● **Material provided**:
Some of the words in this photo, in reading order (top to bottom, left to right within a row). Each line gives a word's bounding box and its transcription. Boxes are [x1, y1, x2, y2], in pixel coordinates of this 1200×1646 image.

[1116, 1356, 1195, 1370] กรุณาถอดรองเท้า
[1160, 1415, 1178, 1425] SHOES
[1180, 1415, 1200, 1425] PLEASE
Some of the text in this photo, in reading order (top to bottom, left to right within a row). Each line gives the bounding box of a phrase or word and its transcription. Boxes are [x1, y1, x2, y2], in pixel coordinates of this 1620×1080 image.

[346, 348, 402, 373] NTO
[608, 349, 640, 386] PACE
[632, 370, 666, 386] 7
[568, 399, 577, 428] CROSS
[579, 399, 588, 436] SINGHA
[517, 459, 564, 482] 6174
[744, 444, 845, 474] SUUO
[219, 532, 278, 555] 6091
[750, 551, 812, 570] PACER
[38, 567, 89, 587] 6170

● **Exercise directions**:
The output consists solely of the lines from the line that contains "Some of the text" through the final line of the data.

● **Output**:
Some of the text in this photo, in reading order (top to bottom, left to right within a row). Each line gives the bounding box of a phrase or word and its transcription. Boxes are [x1, y1, x2, y2], in pixel coordinates of this 1620×1080 image.

[346, 348, 402, 373] NTO
[608, 349, 640, 386] PACE
[632, 370, 666, 386] 7
[568, 399, 577, 428] CROSS
[579, 399, 588, 436] SINGHA
[517, 459, 564, 482] 6174
[744, 444, 845, 474] SUUO
[219, 532, 278, 555] 6091
[750, 551, 812, 570] PACER
[38, 567, 89, 587] 6170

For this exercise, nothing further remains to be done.